Malcolm Mayer is accused by the Serious Fraud Office of dishonestly using documents to obtain almost $50 million of loans from Trustees Executors in a scheme involving 26 Auckland properties.
Trustees Executors was allegedly sent documents between 2003 and 2007 that gave the impression someone unconnected to Mayer was buying a property when, in reality, the defendant or his alleged co-conspirator Simon Turnbull was the purchaser.
By disguising who was really behind the purchase, Mayer was able to sidestep Trustees Executors' $4 million limit on what one individual person or connected set of people could borrow, the SFO has alleged.
Before the 55-year-old faced charges, he was interviewed by Fairfax journalist Tony Wall, who appeared yesterday in the Auckland District Court to give evidence for the Crown.

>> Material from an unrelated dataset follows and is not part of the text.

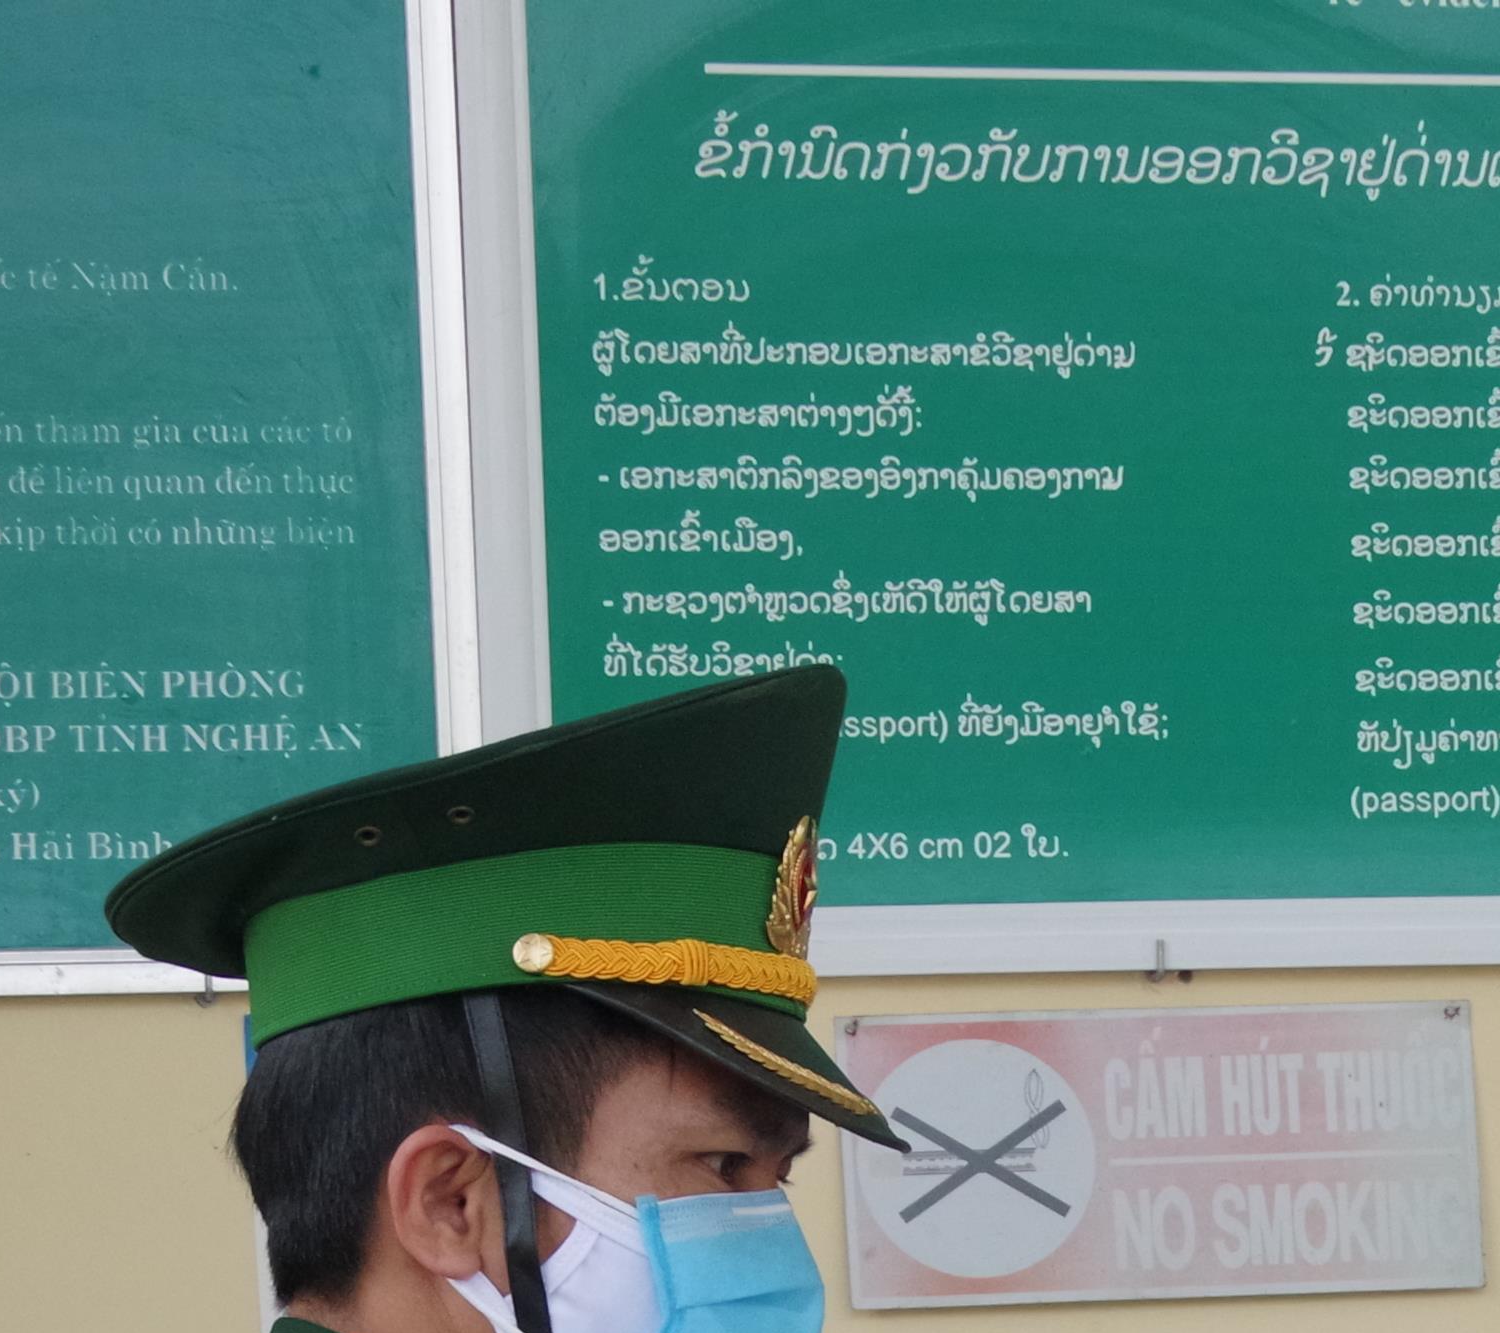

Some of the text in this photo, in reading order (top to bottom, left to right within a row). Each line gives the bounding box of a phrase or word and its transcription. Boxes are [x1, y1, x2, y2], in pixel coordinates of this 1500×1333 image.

The day after the 2009 interview, the Sunday Star-Times published Wall's story on Mayer with the headline: "The $50m swindler: I confess".
A recording of the hour-long interview was played to the court and in it Mayer described how his family members or employees had received $1 million loans from Trustees Executors for the purchase of properties he was the beneficial owner of.
Wall asked Mayer why he had "decided to come so clean" and the property developer replied his sister-in-law had been interviewed by the SFO and that he didn't "want her to be distressed".